- _YOUR ASSIGNMENT_
Output each entry below as it stands, leaving out every picture.

Saved data entries
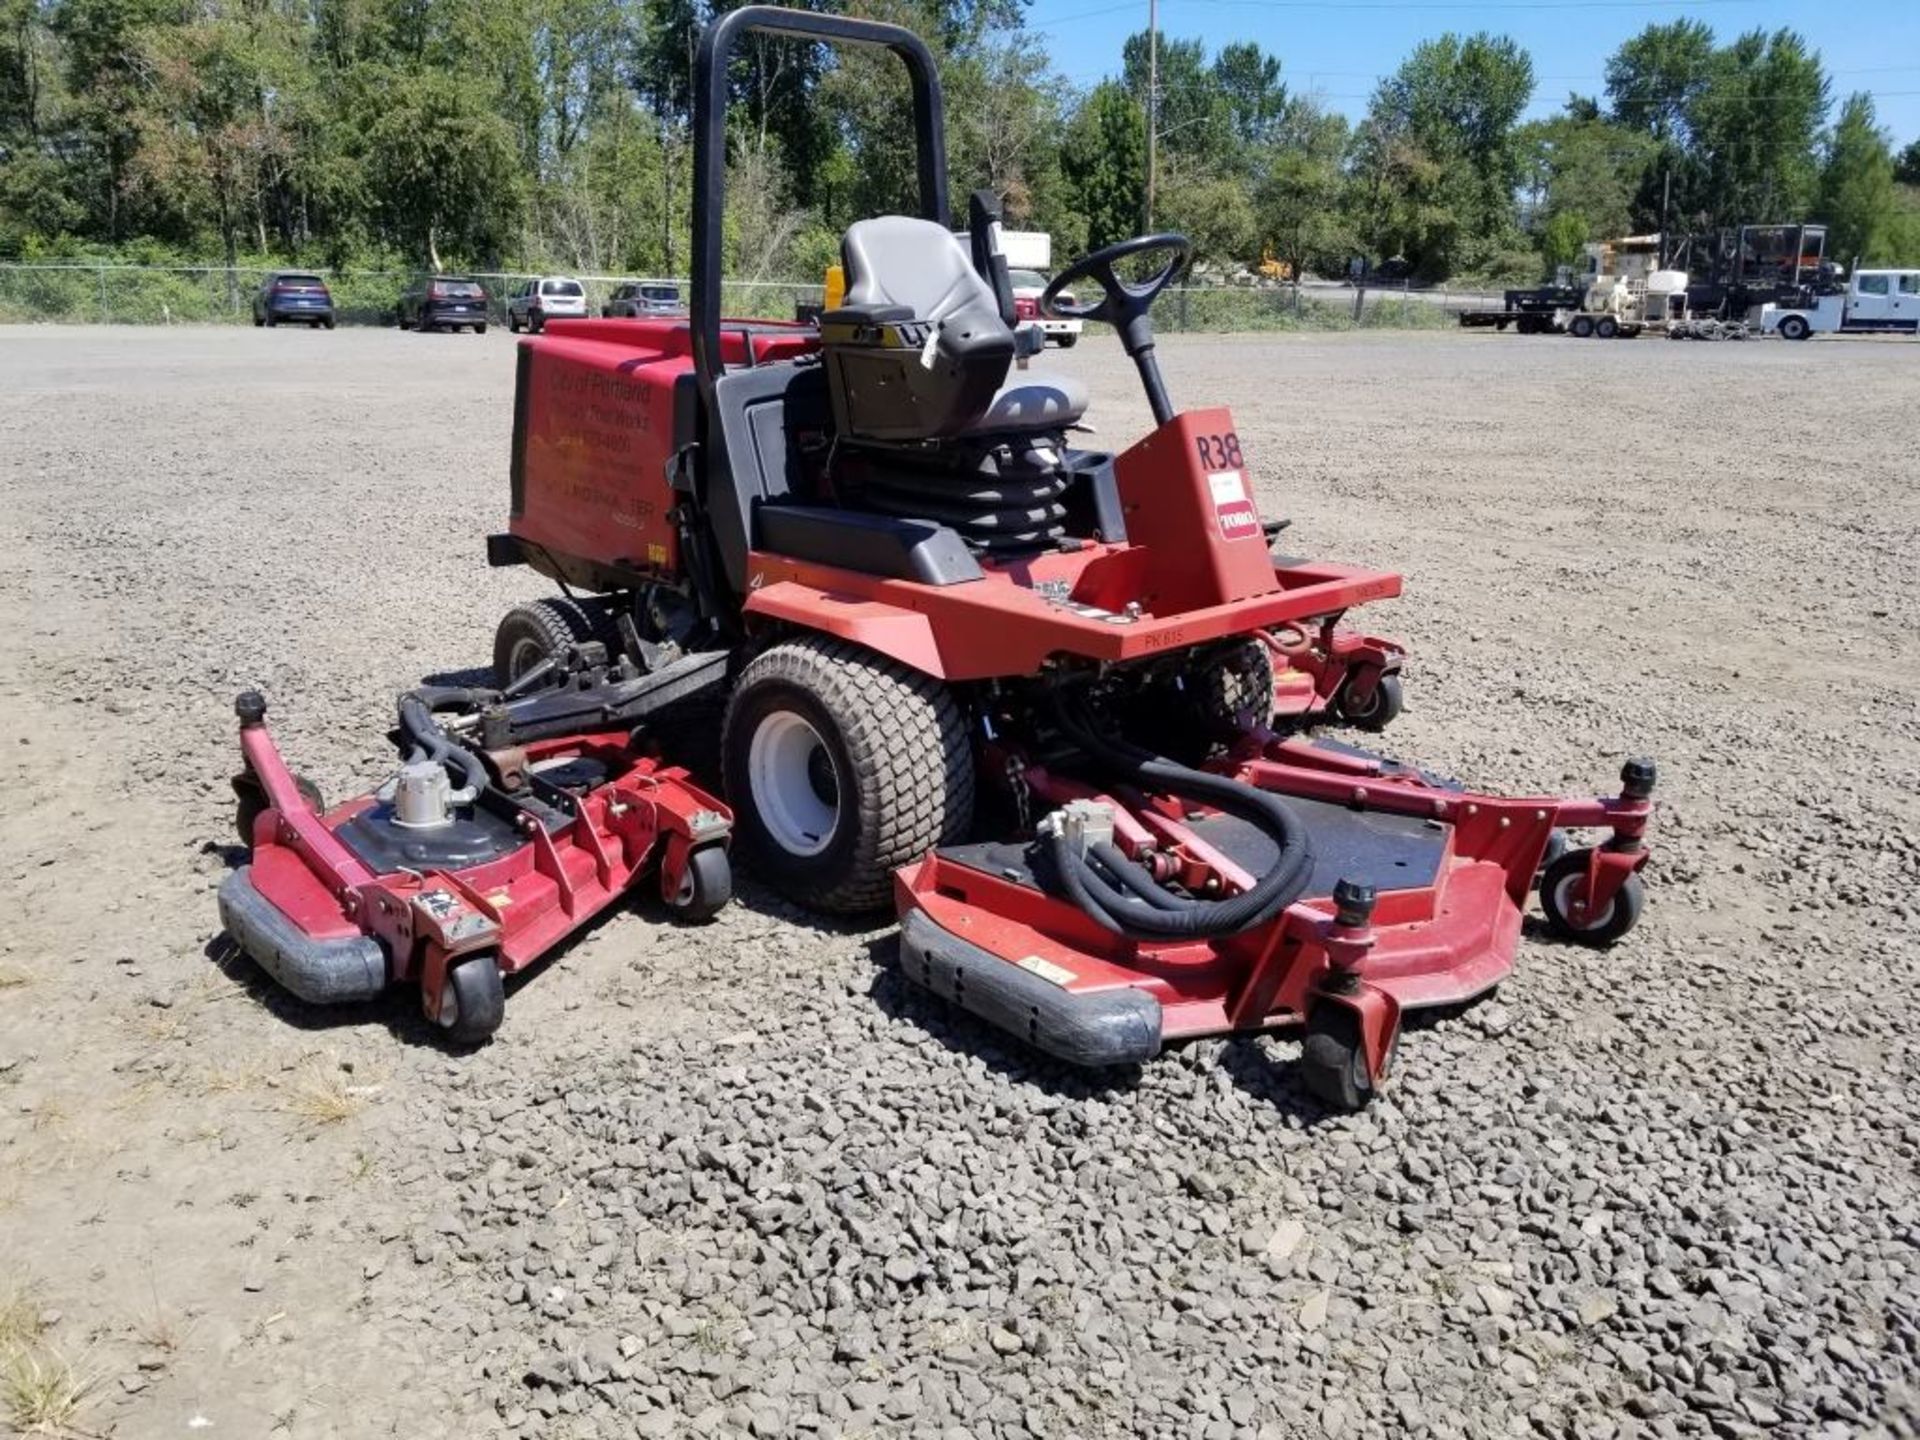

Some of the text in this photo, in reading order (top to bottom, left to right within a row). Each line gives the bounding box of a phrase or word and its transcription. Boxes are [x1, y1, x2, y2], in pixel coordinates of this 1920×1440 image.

[590, 372, 652, 403] Portland
[1196, 433, 1244, 470] R38
[1220, 511, 1256, 530] TORO
[1144, 632, 1161, 649] PK
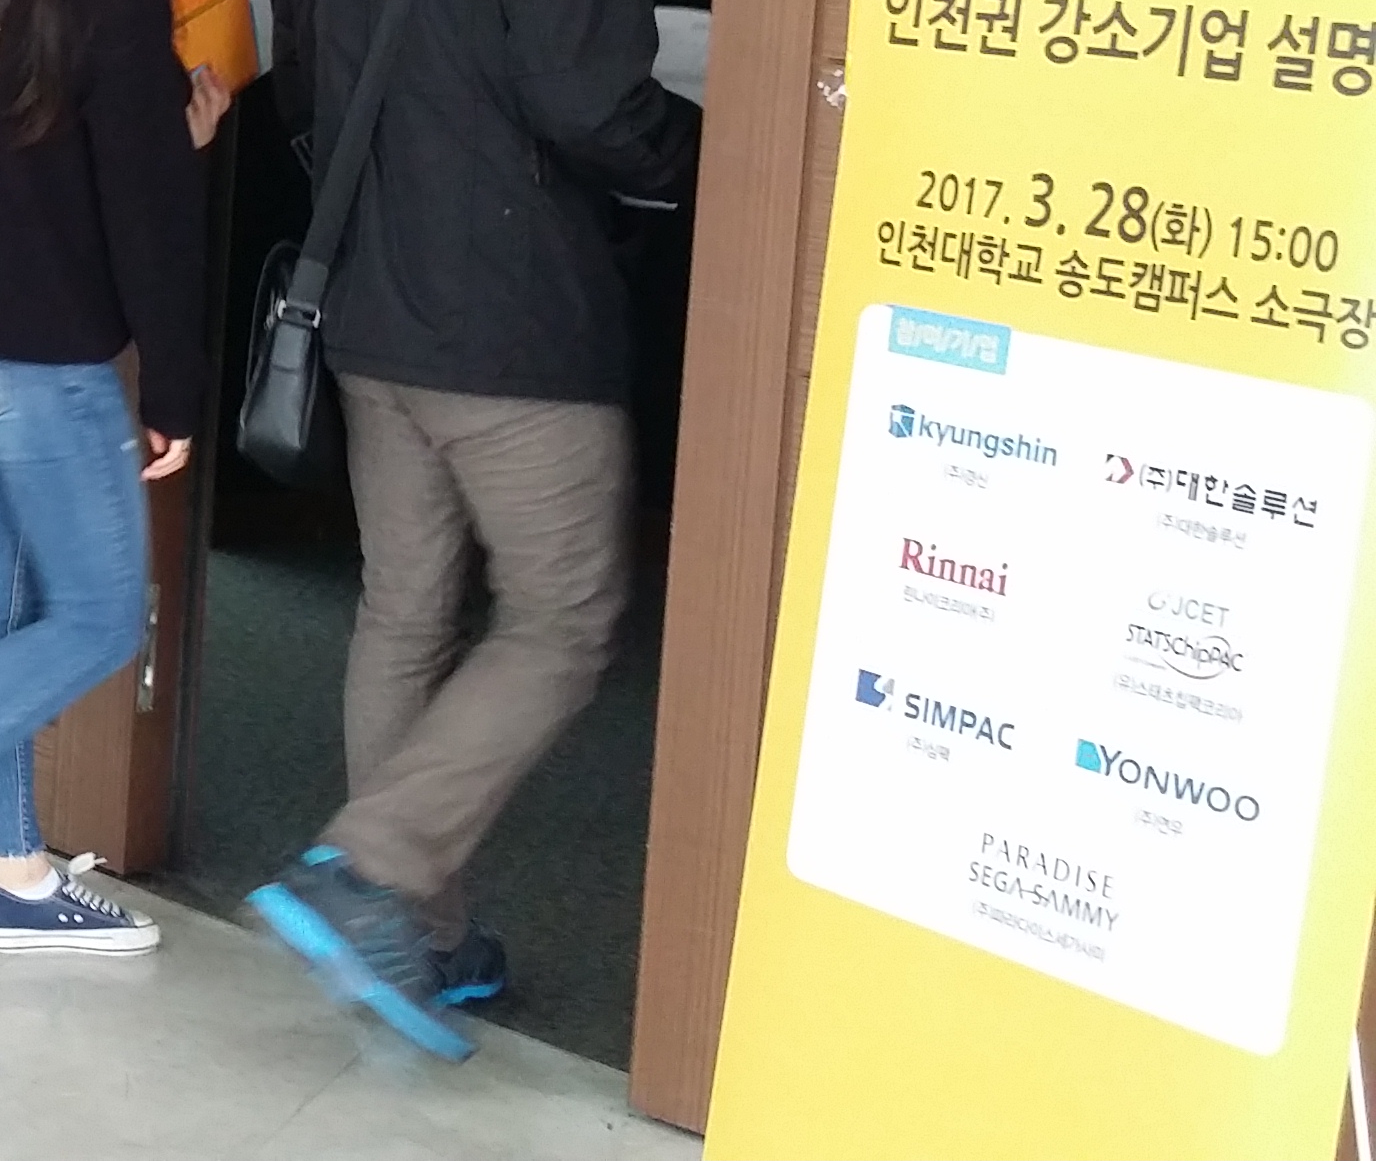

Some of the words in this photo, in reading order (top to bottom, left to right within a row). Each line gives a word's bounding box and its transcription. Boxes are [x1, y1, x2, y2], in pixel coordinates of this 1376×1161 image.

- _RESULT FOR THIS TASK_
Some of the text in this photo, in reading order (top to bottom, left to right within a row). Each line gives the bounding box of a phrase or word and its transcription. Boxes are [x1, y1, x2, y2], in pixel coordinates of this 1920×1440 image.

[590, 372, 652, 403] Portland
[1196, 433, 1244, 470] R38
[1220, 511, 1256, 530] TORO
[1144, 632, 1161, 649] PK

Some of the words in this photo, in reading order (top to bottom, left to right within a row). Each line gives a word's bounding box and its transcription. Boxes are [x1, y1, x2, y2], in pixel coordinates of this 1376×1161 image.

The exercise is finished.